*** Available records ***

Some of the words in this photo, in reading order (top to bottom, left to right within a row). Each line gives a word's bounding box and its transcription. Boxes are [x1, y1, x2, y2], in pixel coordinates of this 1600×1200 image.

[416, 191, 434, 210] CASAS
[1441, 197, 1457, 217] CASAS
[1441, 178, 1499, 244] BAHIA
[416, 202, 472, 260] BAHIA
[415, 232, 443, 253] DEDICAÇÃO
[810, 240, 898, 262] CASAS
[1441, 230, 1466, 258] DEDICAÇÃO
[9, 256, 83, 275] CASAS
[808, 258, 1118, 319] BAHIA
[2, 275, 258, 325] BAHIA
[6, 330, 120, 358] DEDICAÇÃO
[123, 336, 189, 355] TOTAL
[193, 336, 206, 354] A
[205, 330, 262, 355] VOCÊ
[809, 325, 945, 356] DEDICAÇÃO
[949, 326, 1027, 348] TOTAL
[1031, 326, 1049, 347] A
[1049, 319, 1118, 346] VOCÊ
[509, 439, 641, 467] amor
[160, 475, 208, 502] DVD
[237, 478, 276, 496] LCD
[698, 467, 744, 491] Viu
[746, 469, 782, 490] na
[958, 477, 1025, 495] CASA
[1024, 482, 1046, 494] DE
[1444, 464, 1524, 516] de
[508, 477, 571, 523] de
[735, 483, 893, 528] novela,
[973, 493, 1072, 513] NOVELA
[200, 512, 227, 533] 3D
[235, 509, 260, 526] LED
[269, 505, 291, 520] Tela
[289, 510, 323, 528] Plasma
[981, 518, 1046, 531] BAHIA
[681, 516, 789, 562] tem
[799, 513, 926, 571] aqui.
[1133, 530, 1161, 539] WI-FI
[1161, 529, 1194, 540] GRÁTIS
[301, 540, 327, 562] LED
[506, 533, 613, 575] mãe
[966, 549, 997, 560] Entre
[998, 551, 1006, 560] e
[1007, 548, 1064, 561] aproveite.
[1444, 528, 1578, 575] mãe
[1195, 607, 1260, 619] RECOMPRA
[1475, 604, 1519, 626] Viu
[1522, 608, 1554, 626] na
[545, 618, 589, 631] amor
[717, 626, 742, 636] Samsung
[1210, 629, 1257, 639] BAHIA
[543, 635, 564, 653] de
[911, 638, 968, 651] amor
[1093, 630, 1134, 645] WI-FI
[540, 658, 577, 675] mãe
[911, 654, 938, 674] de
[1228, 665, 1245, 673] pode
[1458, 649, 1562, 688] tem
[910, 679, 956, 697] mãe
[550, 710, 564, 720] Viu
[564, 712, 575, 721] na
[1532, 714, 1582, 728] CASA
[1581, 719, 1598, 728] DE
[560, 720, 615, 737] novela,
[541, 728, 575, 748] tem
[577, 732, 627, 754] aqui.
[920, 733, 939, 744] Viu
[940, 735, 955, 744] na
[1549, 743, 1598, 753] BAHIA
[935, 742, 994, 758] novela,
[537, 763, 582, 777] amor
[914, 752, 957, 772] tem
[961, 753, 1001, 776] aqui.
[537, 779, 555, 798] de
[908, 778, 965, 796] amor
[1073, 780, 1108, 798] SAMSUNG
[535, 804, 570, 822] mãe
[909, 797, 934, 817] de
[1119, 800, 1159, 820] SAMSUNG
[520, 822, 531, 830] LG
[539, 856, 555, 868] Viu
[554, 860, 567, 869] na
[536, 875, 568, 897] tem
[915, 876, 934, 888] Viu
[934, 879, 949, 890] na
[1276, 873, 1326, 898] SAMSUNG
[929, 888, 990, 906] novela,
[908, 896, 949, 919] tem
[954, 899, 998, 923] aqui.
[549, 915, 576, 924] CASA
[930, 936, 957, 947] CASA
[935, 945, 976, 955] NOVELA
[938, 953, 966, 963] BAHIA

*** End of Available records ***

▸ Task requirements:
Every entry above, from first to last, should be repeated exactly.

▸ Result of the task:
Some of the words in this photo, in reading order (top to bottom, left to right within a row). Each line gives a word's bounding box and its transcription. Boxes are [x1, y1, x2, y2], in pixel coordinates of this 1600×1200 image.

[416, 191, 434, 210] CASAS
[1441, 197, 1457, 217] CASAS
[1441, 178, 1499, 244] BAHIA
[416, 202, 472, 260] BAHIA
[415, 232, 443, 253] DEDICAÇÃO
[810, 240, 898, 262] CASAS
[1441, 230, 1466, 258] DEDICAÇÃO
[9, 256, 83, 275] CASAS
[808, 258, 1118, 319] BAHIA
[2, 275, 258, 325] BAHIA
[6, 330, 120, 358] DEDICAÇÃO
[123, 336, 189, 355] TOTAL
[193, 336, 206, 354] A
[205, 330, 262, 355] VOCÊ
[809, 325, 945, 356] DEDICAÇÃO
[949, 326, 1027, 348] TOTAL
[1031, 326, 1049, 347] A
[1049, 319, 1118, 346] VOCÊ
[509, 439, 641, 467] amor
[160, 475, 208, 502] DVD
[237, 478, 276, 496] LCD
[698, 467, 744, 491] Viu
[746, 469, 782, 490] na
[958, 477, 1025, 495] CASA
[1024, 482, 1046, 494] DE
[1444, 464, 1524, 516] de
[508, 477, 571, 523] de
[735, 483, 893, 528] novela,
[973, 493, 1072, 513] NOVELA
[200, 512, 227, 533] 3D
[235, 509, 260, 526] LED
[269, 505, 291, 520] Tela
[289, 510, 323, 528] Plasma
[981, 518, 1046, 531] BAHIA
[681, 516, 789, 562] tem
[799, 513, 926, 571] aqui.
[1133, 530, 1161, 539] WI-FI
[1161, 529, 1194, 540] GRÁTIS
[301, 540, 327, 562] LED
[506, 533, 613, 575] mãe
[966, 549, 997, 560] Entre
[998, 551, 1006, 560] e
[1007, 548, 1064, 561] aproveite.
[1444, 528, 1578, 575] mãe
[1195, 607, 1260, 619] RECOMPRA
[1475, 604, 1519, 626] Viu
[1522, 608, 1554, 626] na
[545, 618, 589, 631] amor
[717, 626, 742, 636] Samsung
[1210, 629, 1257, 639] BAHIA
[543, 635, 564, 653] de
[911, 638, 968, 651] amor
[1093, 630, 1134, 645] WI-FI
[540, 658, 577, 675] mãe
[911, 654, 938, 674] de
[1228, 665, 1245, 673] pode
[1458, 649, 1562, 688] tem
[910, 679, 956, 697] mãe
[550, 710, 564, 720] Viu
[564, 712, 575, 721] na
[1532, 714, 1582, 728] CASA
[1581, 719, 1598, 728] DE
[560, 720, 615, 737] novela,
[541, 728, 575, 748] tem
[577, 732, 627, 754] aqui.
[920, 733, 939, 744] Viu
[940, 735, 955, 744] na
[1549, 743, 1598, 753] BAHIA
[935, 742, 994, 758] novela,
[537, 763, 582, 777] amor
[914, 752, 957, 772] tem
[961, 753, 1001, 776] aqui.
[537, 779, 555, 798] de
[908, 778, 965, 796] amor
[1073, 780, 1108, 798] SAMSUNG
[535, 804, 570, 822] mãe
[909, 797, 934, 817] de
[1119, 800, 1159, 820] SAMSUNG
[520, 822, 531, 830] LG
[539, 856, 555, 868] Viu
[554, 860, 567, 869] na
[536, 875, 568, 897] tem
[915, 876, 934, 888] Viu
[934, 879, 949, 890] na
[1276, 873, 1326, 898] SAMSUNG
[929, 888, 990, 906] novela,
[908, 896, 949, 919] tem
[954, 899, 998, 923] aqui.
[549, 915, 576, 924] CASA
[930, 936, 957, 947] CASA
[935, 945, 976, 955] NOVELA
[938, 953, 966, 963] BAHIA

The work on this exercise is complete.